**RECORDS TO PROCESS**
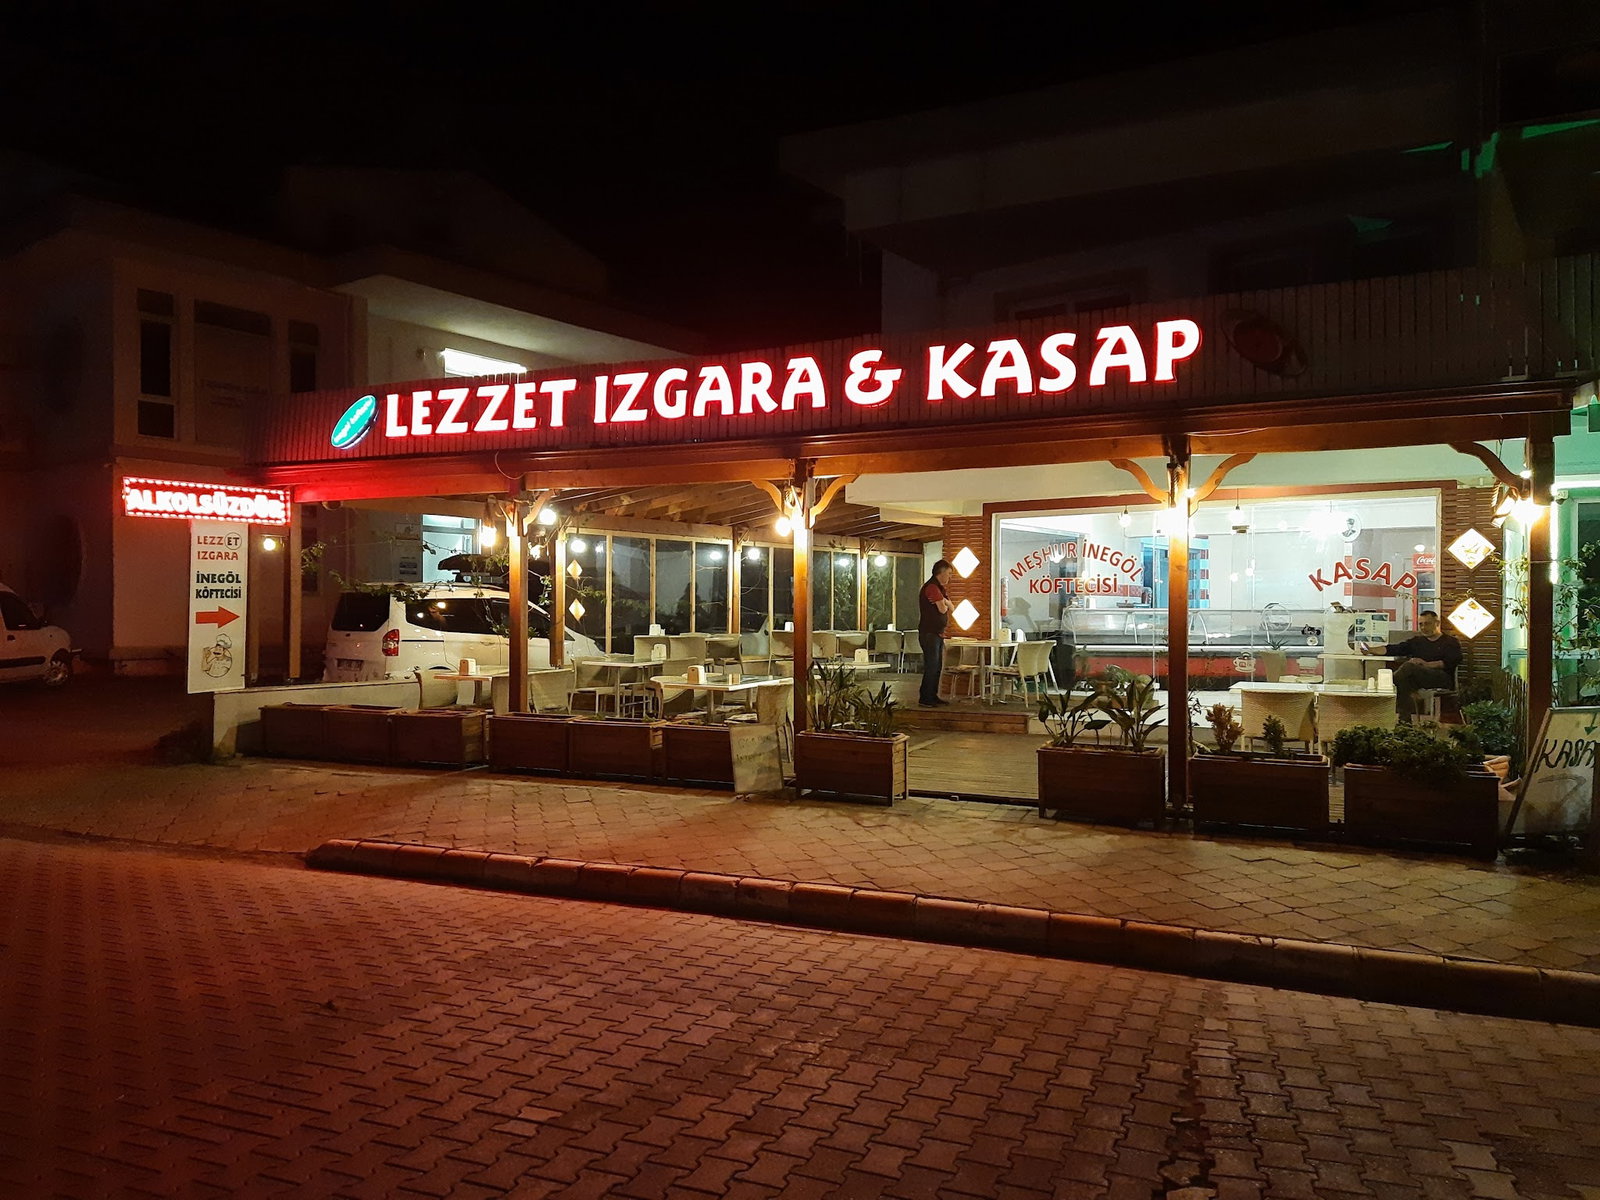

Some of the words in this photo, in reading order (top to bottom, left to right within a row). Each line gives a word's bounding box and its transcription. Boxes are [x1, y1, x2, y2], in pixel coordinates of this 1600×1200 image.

[385, 378, 577, 438] LEZZET
[593, 356, 827, 424] IZGARA
[844, 349, 903, 407] &
[926, 318, 1202, 402] KASAP
[196, 550, 239, 561] IZGARA
[1009, 541, 1078, 582] MEŞHUR
[1082, 538, 1143, 583] İNEGÖL
[195, 570, 242, 584] İNEGÖL
[1029, 573, 1118, 594] KÖFTECİSİ
[1308, 558, 1417, 592] KASAP
[195, 585, 242, 599] KÖFTECİSİ
[1534, 738, 1596, 774] KASA

**WORK TO BE COMPLETED**
Return the listing above in full and without alteration, excluding its pictures.

**YOUR SOLUTION**
Some of the words in this photo, in reading order (top to bottom, left to right within a row). Each line gives a word's bounding box and its transcription. Boxes are [x1, y1, x2, y2], in pixel coordinates of this 1600×1200 image.

[385, 378, 577, 438] LEZZET
[593, 356, 827, 424] IZGARA
[844, 349, 903, 407] &
[926, 318, 1202, 402] KASAP
[196, 550, 239, 561] IZGARA
[1009, 541, 1078, 582] MEŞHUR
[1082, 538, 1143, 583] İNEGÖL
[195, 570, 242, 584] İNEGÖL
[1029, 573, 1118, 594] KÖFTECİSİ
[1308, 558, 1417, 592] KASAP
[195, 585, 242, 599] KÖFTECİSİ
[1534, 738, 1596, 774] KASA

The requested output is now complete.